A tal uopo, molto si è discusso in dottrina ed in giurisprudenza tant’è che la Suprema Corte, ad onta di svariati interventi sul punto, nel novembre 2017 è tornata a pronunziarsi sulla questione con la sentenza in esame.

L’elaborazione giurisprudenziale sul momento consumativo.

Dottrina e Giurisprudenza hanno sempre ritenuto, in maniera quasi unanime, che il delitto ex art. 644 c.p. nella sua prima formulazione andasse inquadrato tra i reati istantanei, la cui consumazione si realizzava nel momento dalla pattuizione del compenso. Tuttavia, non sono mancate tesi alternative, seppur minoritarie, che tendevano a qualificare, alternativamente, il reato come istantaneo con effetti permanenti ovvero come reato permanente.

Si parlava di reato istantaneo ad effetti permanenti perché si riteneva, da un lato, che la condotta fosse istantanea, esaurendosi nell’atto della dazione o della promessa senza protrarsi nel tempo e, dall’altro, che gli effetti fossero permanenti in quanto, essendo sufficiente la promessa, gli interessi o i vantaggi potessero essere corrisposti anche successivamente, comportando il perdurare delle conseguenze dannose della condotta tenuta dal soggetto attivo.

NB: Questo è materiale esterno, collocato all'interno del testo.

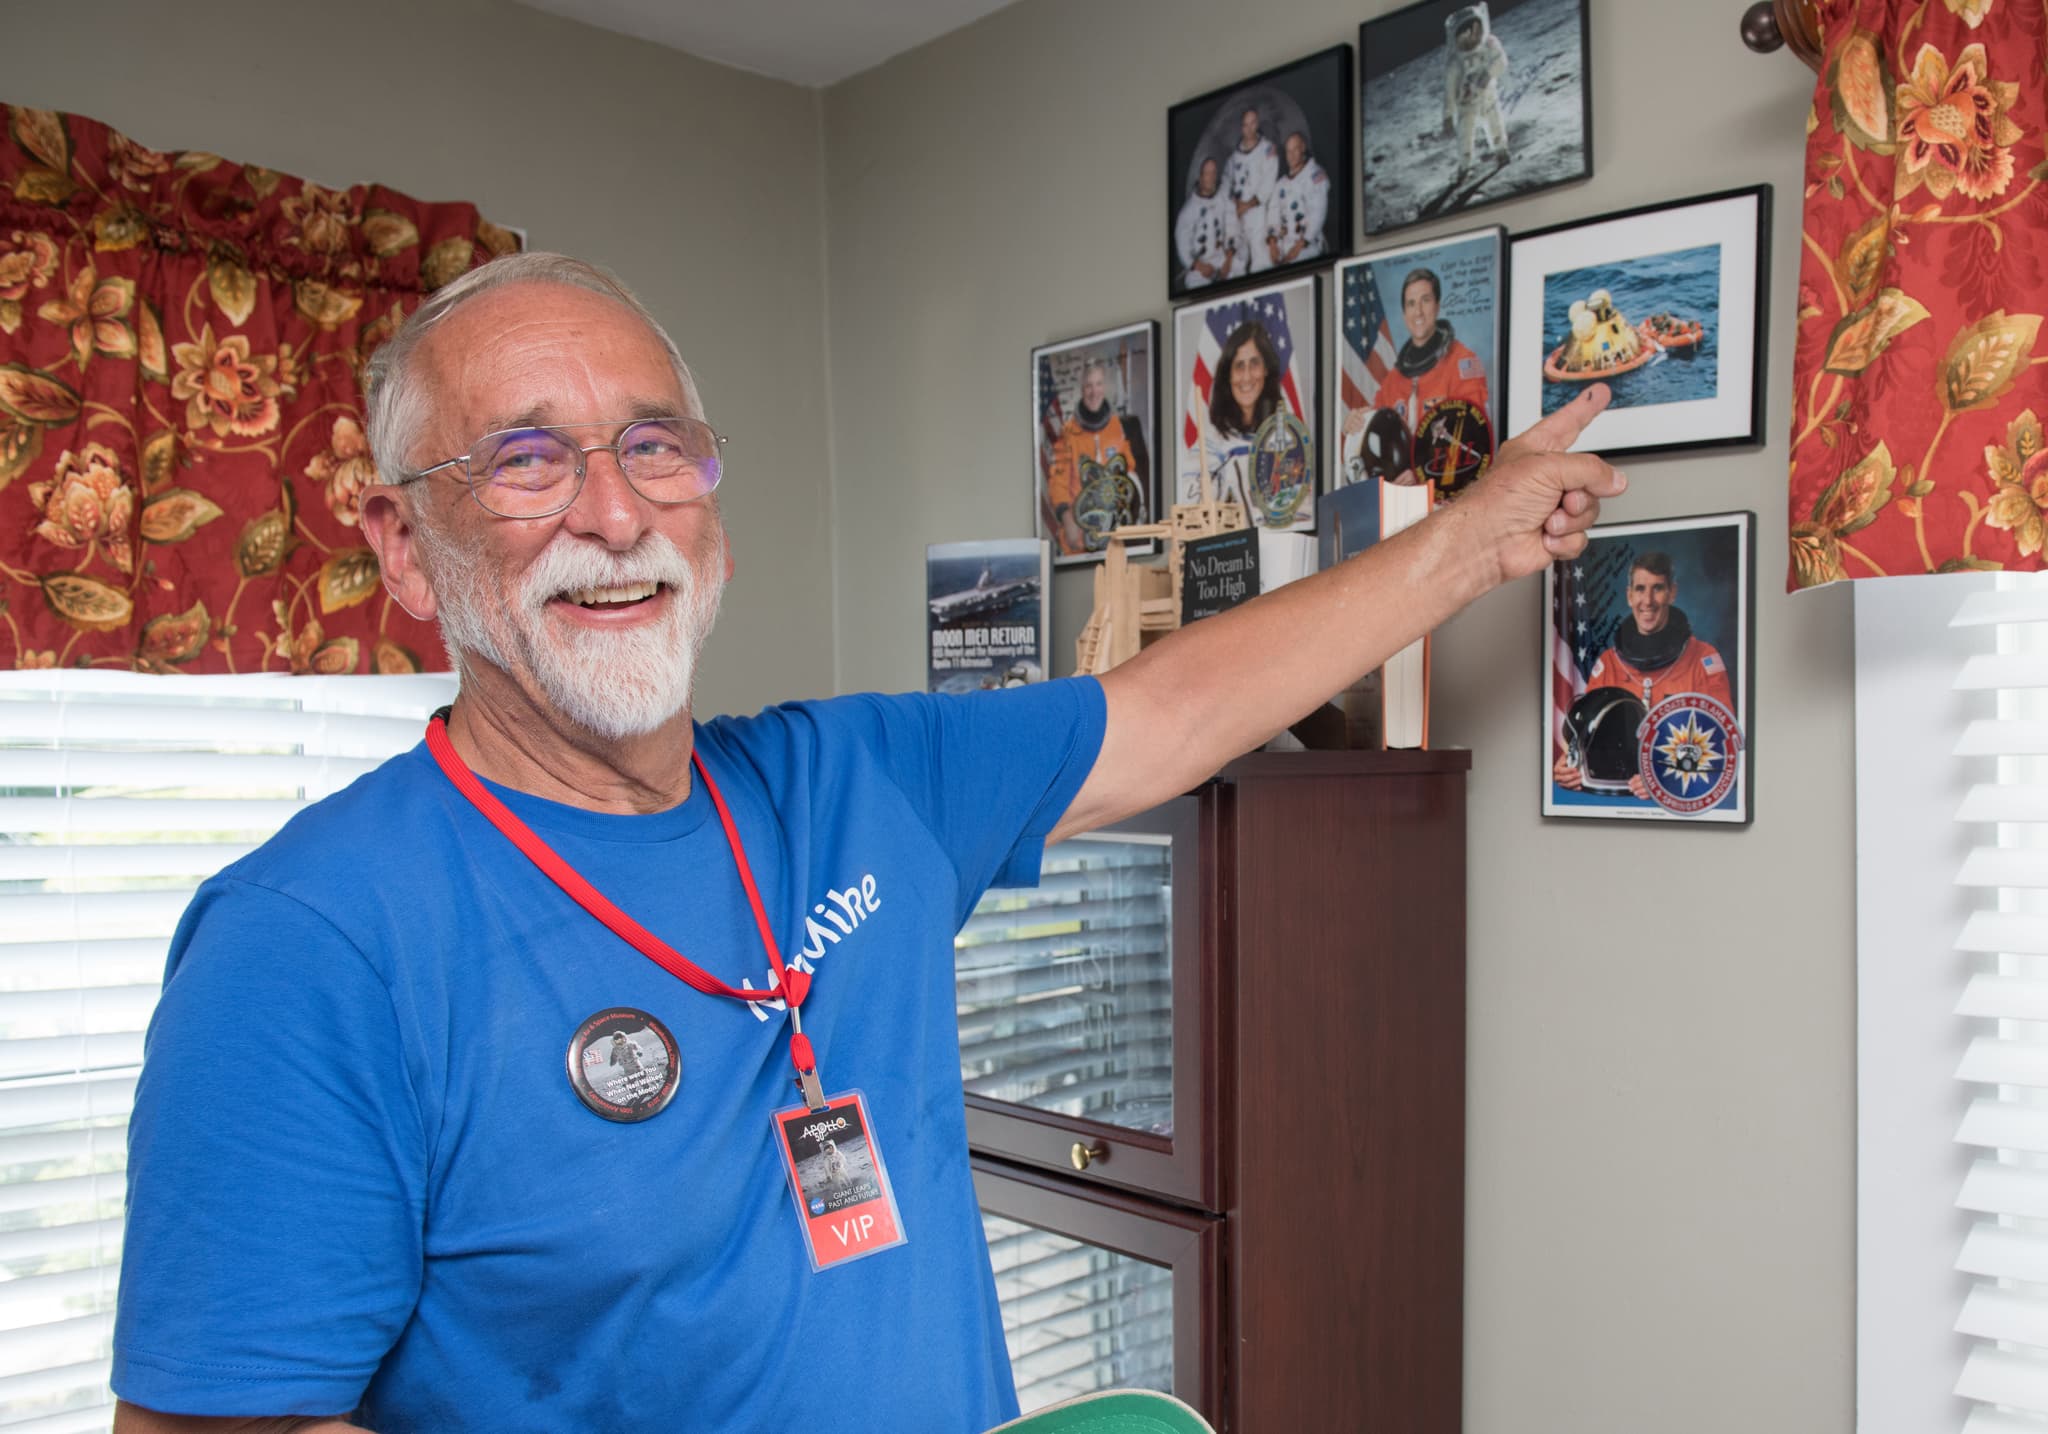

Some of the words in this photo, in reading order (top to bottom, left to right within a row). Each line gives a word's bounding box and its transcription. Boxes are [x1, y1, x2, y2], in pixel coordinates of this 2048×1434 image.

[1189, 559, 1206, 578] No
[1208, 556, 1243, 575] Dream
[1245, 551, 1255, 570] Is
[1197, 580, 1217, 601] Too
[1219, 574, 1246, 602] High
[991, 627, 1035, 645] RETURN
[1658, 698, 1687, 715] COATS
[606, 1086, 626, 1097] When
[626, 1080, 640, 1090] Neil
[640, 1073, 663, 1085] Walked
[608, 1077, 628, 1087] Where
[629, 1071, 645, 1080] were
[626, 1091, 638, 1101] the
[801, 1117, 848, 1138] APOLLO
[833, 1188, 853, 1200] GIANT
[853, 1183, 871, 1194] LEAPS
[828, 1198, 843, 1209] PAST
[844, 1194, 859, 1204] AND
[831, 1214, 875, 1247] VIP
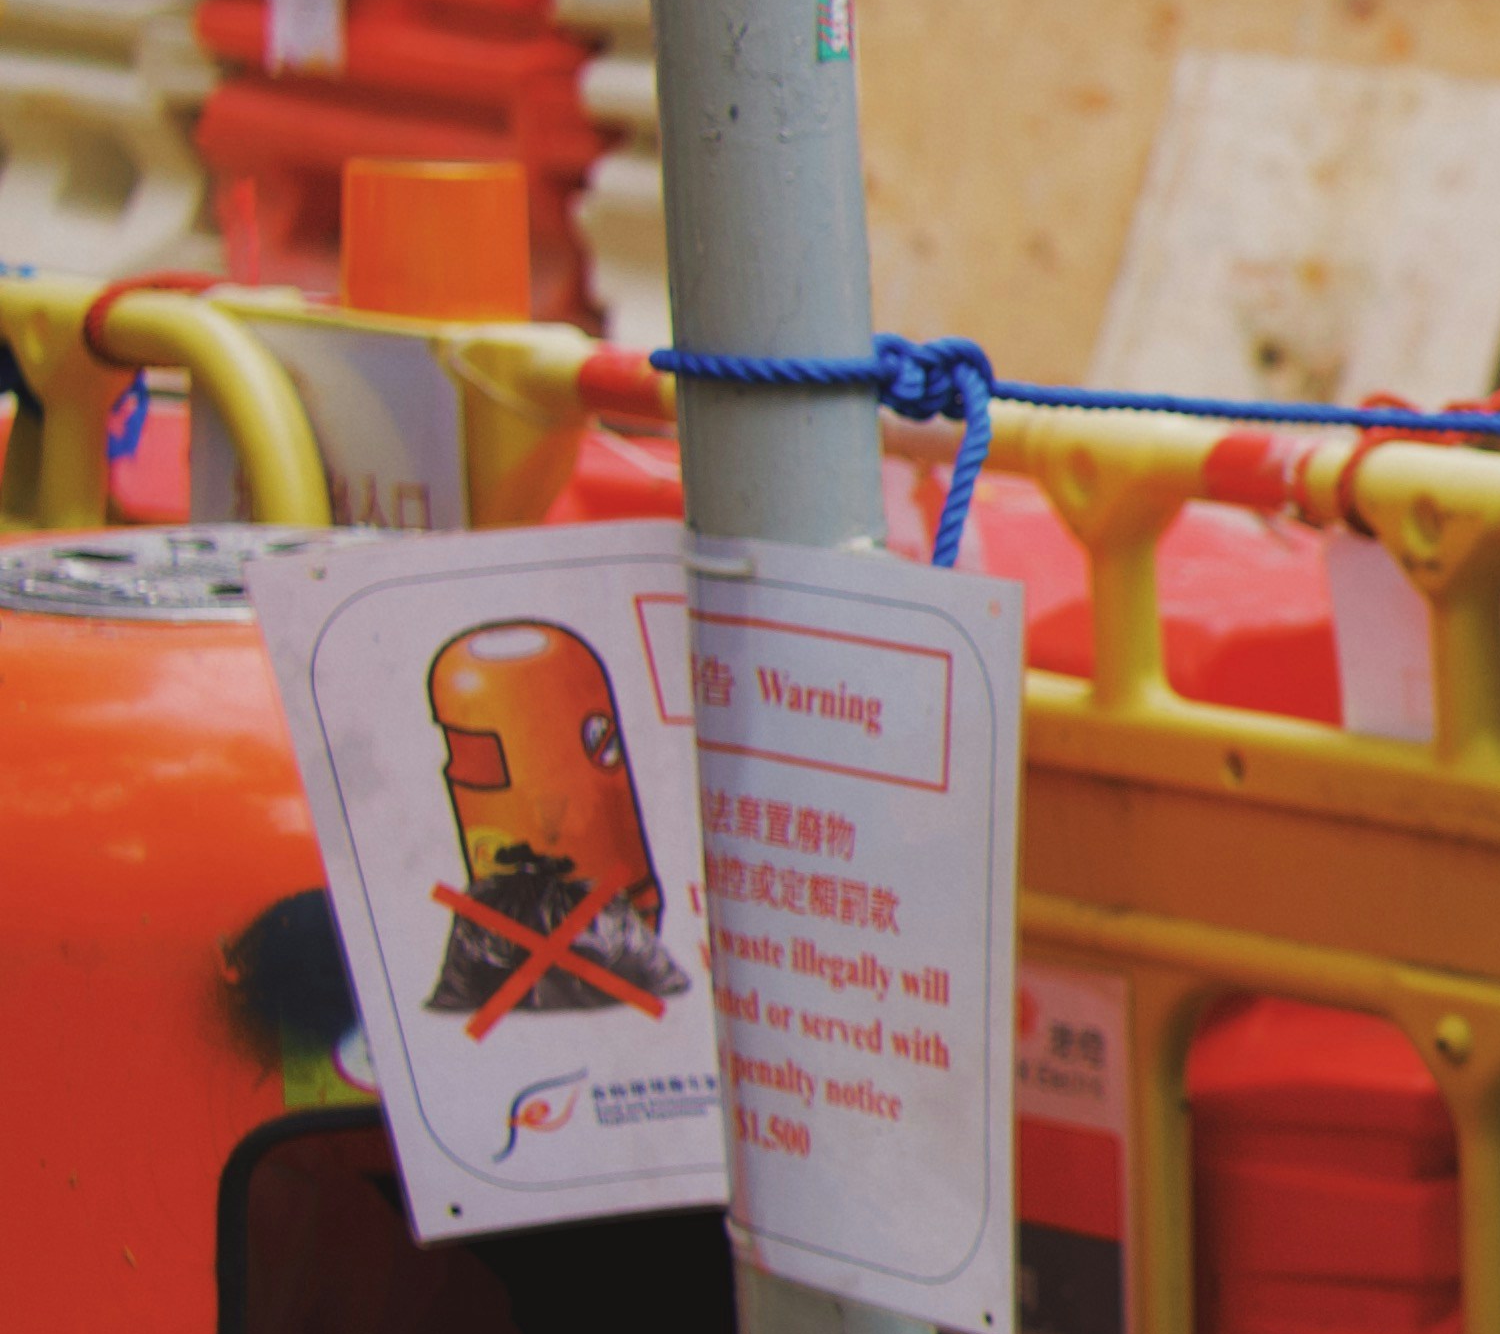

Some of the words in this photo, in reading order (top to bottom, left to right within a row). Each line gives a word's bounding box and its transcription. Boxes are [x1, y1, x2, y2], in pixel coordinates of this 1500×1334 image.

[756, 665, 882, 737] Warning
[791, 936, 891, 1002] illegally
[900, 966, 949, 1007] will
[765, 1002, 794, 1031] or
[800, 1010, 883, 1056] served
[890, 1026, 950, 1070] with
[824, 1078, 902, 1122] notice

Secondo altra scuola di pensiero, invece, l’usura era da considerarsi un reato solo eventualmente permanente. Ciò in quanto, laddove l’approfittamento dello stato di bisogno del soggetto passivo da parte dell’usuraio si fosse protratto nel tempo per volontà di quest’ultimo, si sarebbe configurato un reato permanente; diversamente, nelle altre ipotesi il reato sarebbe stato istantaneo.

Gli Ermellini, tornando ad occuparsi di tale querelle, con la pronunzia n. 53479/2017, hanno sancito che qualora alla promessa segua – mediante la rateizzazione degli interessi convenuti – la dazione effettiva di essi, questa non costituisce un post factum penalmente non rilevante ma fa parte a pieno titolo del fatto lesivo penalmente rilevante e segna, mediante la concreta e reiterata esecuzione dell’originaria pattuizione usuraria, il momento consumativo “sostanziale” del reato, realizzandosi, così, una situazione non necessariamente assimilabile alla categoria del reato eventualmente permanente, ma configurabile secondo il duplice e alternativo schema della fattispecie tipica del reato, che pure mantiene intatta la sua natura unitaria e istantanea, ovvero con riferimento alla struttura dei delitti cosiddetti a condotta frazionata o a consumazione prolungata.”.

Aderendo allo schema giuridico dell’usura intesa appunto quale delitto a consumazione prolungata o – come sostiene autorevole dottrina – a condotta frazionata, ne deriva che effettivamente colui il quale riceve l’incarico di recuperare il credito usurario e riesce ad ottenerne il pagamento concorre nel reato punito dall’art. 644 c.p., in quanto con la sua azione volontaria fornisce un contributo causale alla verificazione dell’elemento oggettivo di quel delitto.